Rimettere la finanza sotto l’economia reale
di Aldo Giannuli - 12/05/2015
Fonte: Aldo Giannuli
A quanto pare, non ci sarà ripresa economica se non usciremo dalla crisi del debito, come osserva Adrien De Tricornot. Questo per diversi ordini di ragioni. In primo luogo perché se la bilancia commerciale continuerà a restare in rosso, il debito pubblico diventerà fatalmente insostenibile: una bilancia commerciale in passivo significa che un paese sta consumando più di quello che produce, per cui i debiti (anche privati) non possono far altro che aumentare. Di conseguenza, si innesca l’effetto “Regina Rossa” (o “tapis roulante contromano”).

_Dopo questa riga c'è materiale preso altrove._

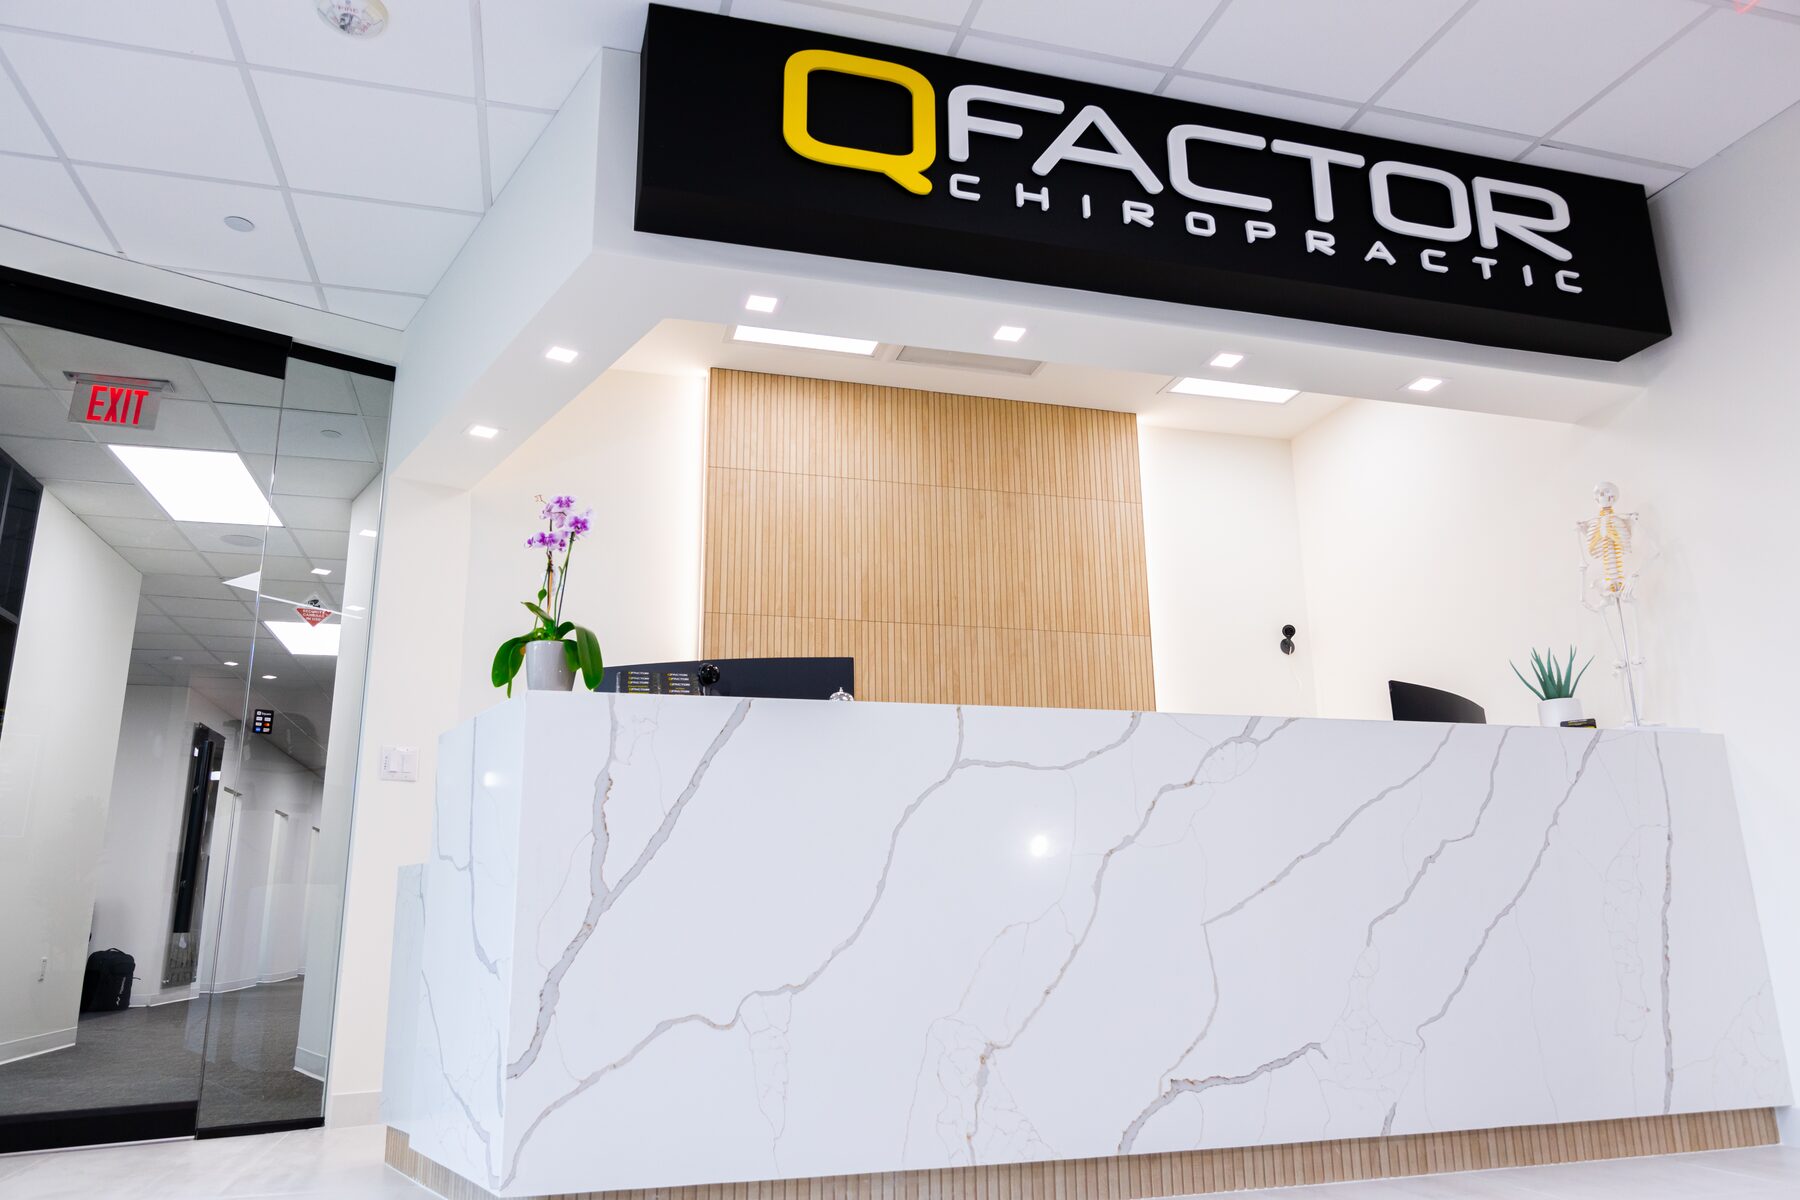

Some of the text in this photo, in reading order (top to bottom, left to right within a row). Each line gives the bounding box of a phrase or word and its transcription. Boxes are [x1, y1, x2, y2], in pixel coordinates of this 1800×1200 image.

[782, 49, 1573, 263] QFACTOR
[949, 173, 1584, 295] CHIROPRACTIC
[86, 384, 149, 425] EXIT
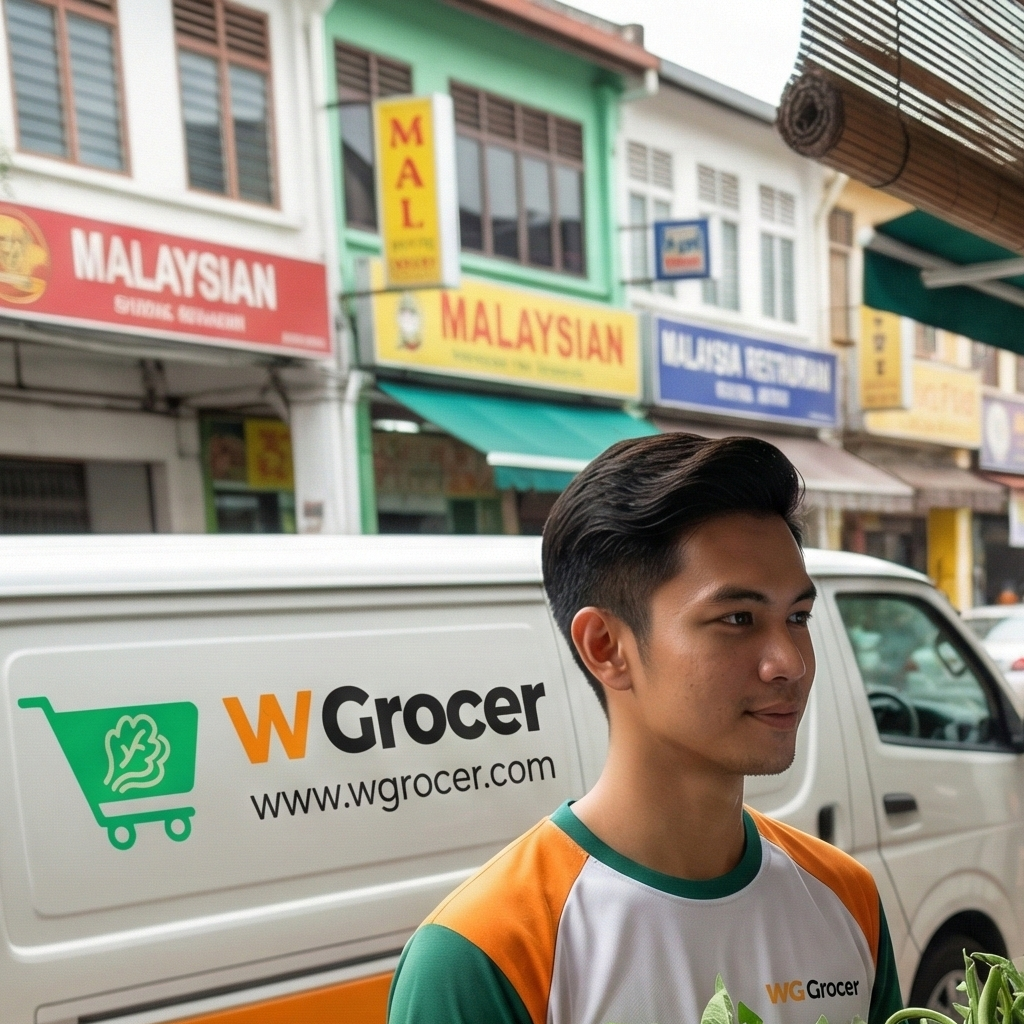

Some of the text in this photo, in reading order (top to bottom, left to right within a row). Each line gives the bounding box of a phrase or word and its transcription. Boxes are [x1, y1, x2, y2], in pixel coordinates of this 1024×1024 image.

[389, 115, 424, 229] MAL
[70, 227, 278, 311] MALAYSIAN
[440, 289, 624, 366] MALAYSIAN
[250, 755, 557, 821] www.wgrocer.com

Pertanto, è inevitabile ripensare il modello economico, contrastando le concentrazioni oligopolistiche e riportando la manifattura in Occidente.

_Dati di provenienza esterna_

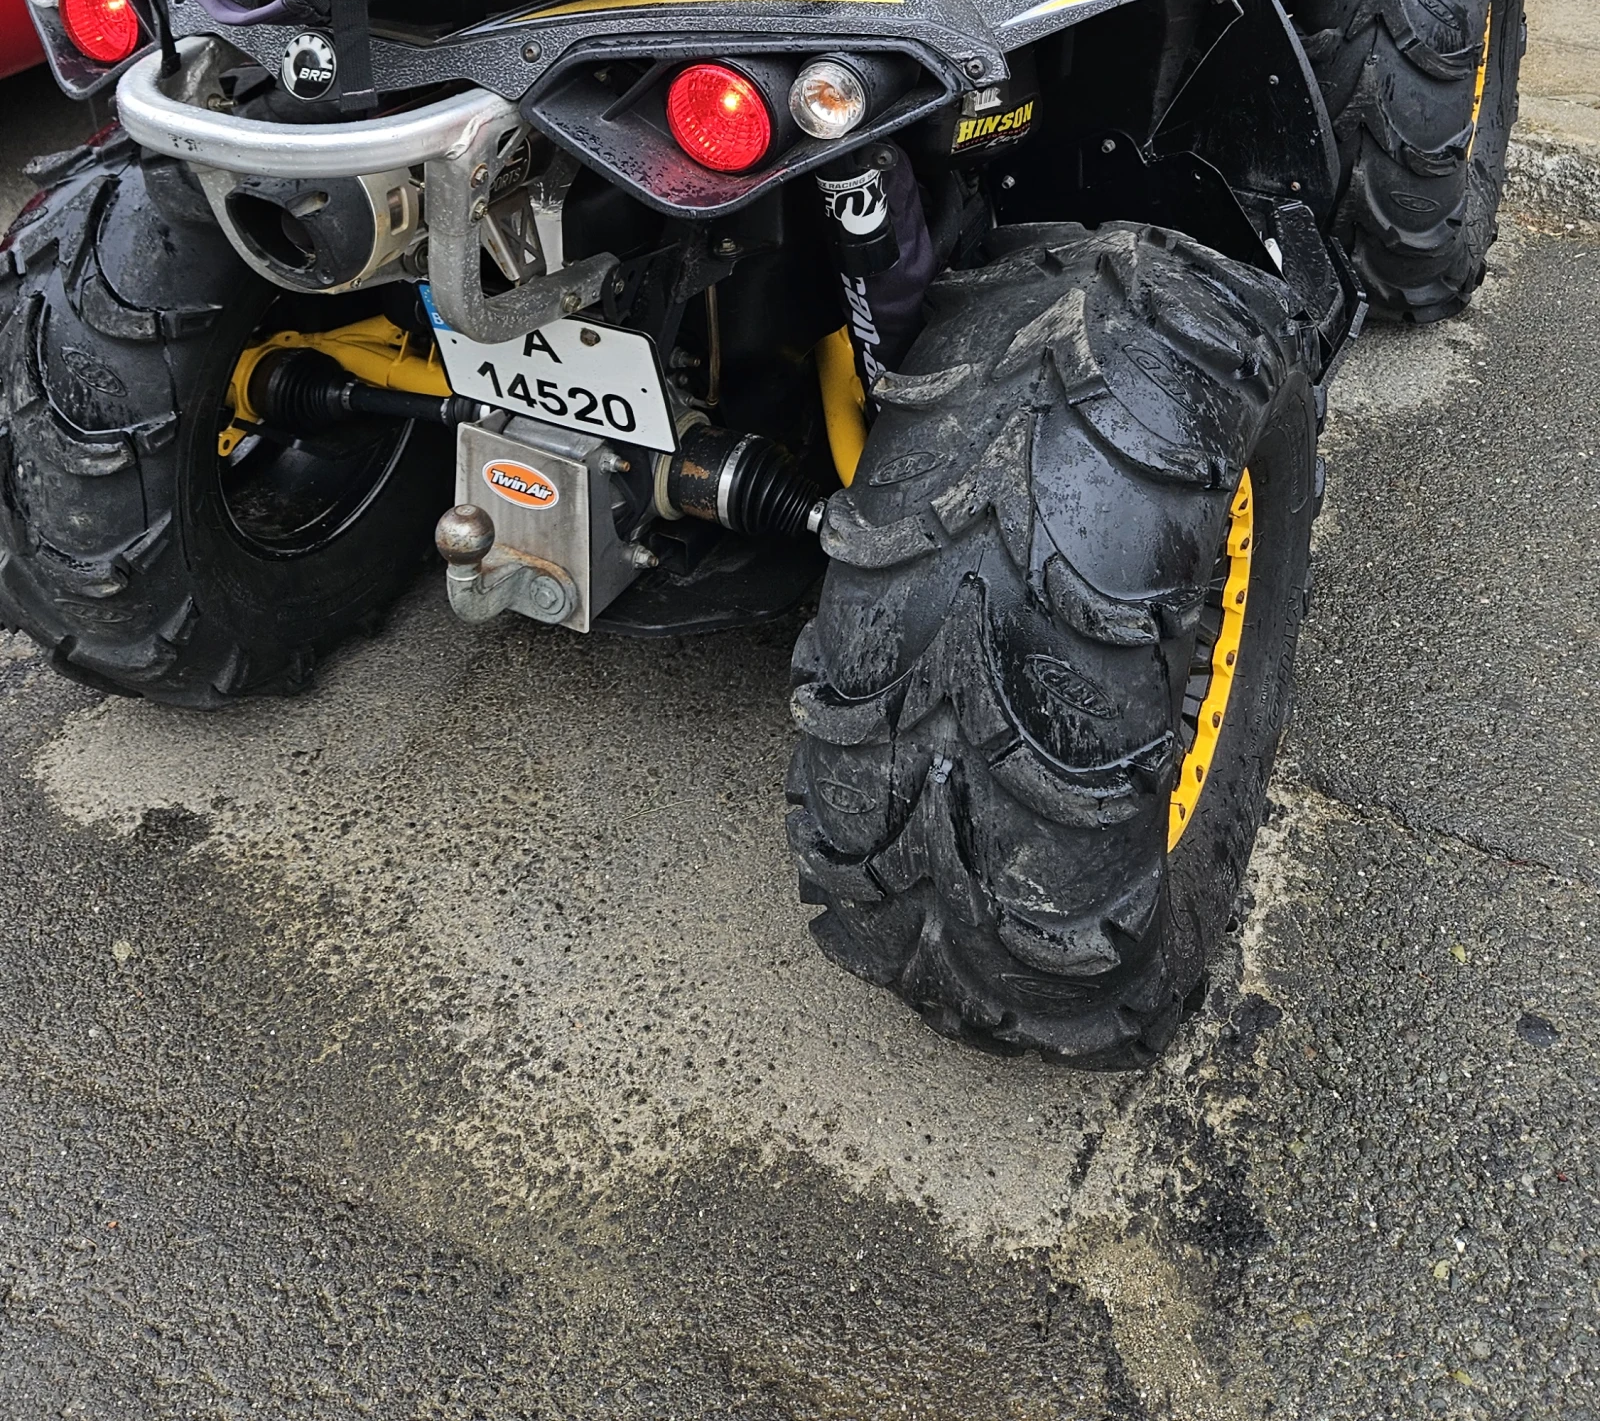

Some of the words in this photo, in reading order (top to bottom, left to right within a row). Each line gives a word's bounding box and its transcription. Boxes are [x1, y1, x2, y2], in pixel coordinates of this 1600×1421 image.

[299, 67, 332, 82] BRP
[957, 100, 1034, 143] HINSON
[828, 177, 866, 189] RACING
[523, 329, 563, 364] A
[477, 361, 637, 433] 14520
[491, 468, 528, 493] Twin
[525, 482, 554, 500] Air

L’obiezione più frequente, a questa idea, è la non sostenibilità della concorrenza asiatica ed, in parte, latino-americana. Come spesso accade, la cosa è tanto più creduta quanto più ripetuta, sino al punto di sembrare ovvia come il fatto che a mezzogiorno ci sia luce ad a mezzanotte il buio.

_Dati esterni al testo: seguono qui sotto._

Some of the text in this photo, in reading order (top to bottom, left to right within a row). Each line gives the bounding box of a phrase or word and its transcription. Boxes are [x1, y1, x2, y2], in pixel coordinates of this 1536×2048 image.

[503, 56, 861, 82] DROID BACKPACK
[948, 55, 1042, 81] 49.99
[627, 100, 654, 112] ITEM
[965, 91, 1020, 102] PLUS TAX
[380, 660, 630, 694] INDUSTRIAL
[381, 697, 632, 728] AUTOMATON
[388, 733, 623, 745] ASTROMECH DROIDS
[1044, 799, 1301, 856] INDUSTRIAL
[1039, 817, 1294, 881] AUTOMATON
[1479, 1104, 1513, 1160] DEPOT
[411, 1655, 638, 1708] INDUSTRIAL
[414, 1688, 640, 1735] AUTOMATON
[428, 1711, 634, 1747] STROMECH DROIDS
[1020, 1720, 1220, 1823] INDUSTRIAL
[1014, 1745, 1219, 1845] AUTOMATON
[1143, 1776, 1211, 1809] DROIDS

Ma esaminiamo un po’ più da vicino l’argomento, partendo da una premessa: se il problema fosse solo questo, esso riguarderebbe tanto la manifattura quanto i servizi, e, se questa concorrenza non fosse battibile, questo significherebbe l’irrecuperabilità del deficit commerciale ed il sicuro fallimento. A quel punto, potremmo starcene seduti in riva al mare ad aspettare che il fato si compia. Per fortuna le cose non stanno così.
I due fattori determinanti nel processo di delocalizzazione industriale sono stati il basso costo del petrolio e il regime alterato dei cambi: uno scenario destinato a modificarsi. Per quanto oggi si sia in una fase di calo dei prezzi energetici (per la verità non priva di turbolenze) la tendenza di lungo periodo è, all’opposto, la loro crescita. A quanto pare, sta finendo il petrolio “facile”, quello che giace più in superficie, e, pertanto, bisogna scendere molto più in giù e cercare sotto i fondali marini, il che significa un considerevole aumento dei prezzi di estrazione. Inoltre, non sembra che la domanda sia destinata a calare, per lo meno in un futuro prevedibile, quanto piuttosto a salire. Si potranno ottenere dei risparmi con tecnologie più efficienti, in parte sviluppare fonti energetiche diverse, ma, nel complesso, i costi probabilmente saliranno.
Inoltre, occorre considerare che, a partire dai tardi anni novanta, si è manifestata una nuova pirateria che, ovviamente, impone ulteriori costi per i noli marittimi fra diretti ed indiretti (scorte armate, assicurazioni, carichi perduti, risarcimenti, sistemi di vigilanza satellitare ecc). Anche se è vero che l’apertura di nuovi canali modificherà sensibilmente le rotte (in particolare, il taglio dell’istmo di Kra permetterà di evitare il terribile stretto di Malacca. Ma torneremo a parlarne) tutto sommato, sembra che i costi dei trasporti marittimi siano destinati a crescere. Riducendo, quindi il margine di profitto sulle esportazioni via mare.
Il secondo fattore è quello dello squilibrio nei cambi monetari. Una situazione che difficilmente potrà durare ancora molto a lungo, senza sfociare in una durissima guerra commerciale, fatta di dazi protezionistici e boicottaggi e, forse, in una guerra punto e basta.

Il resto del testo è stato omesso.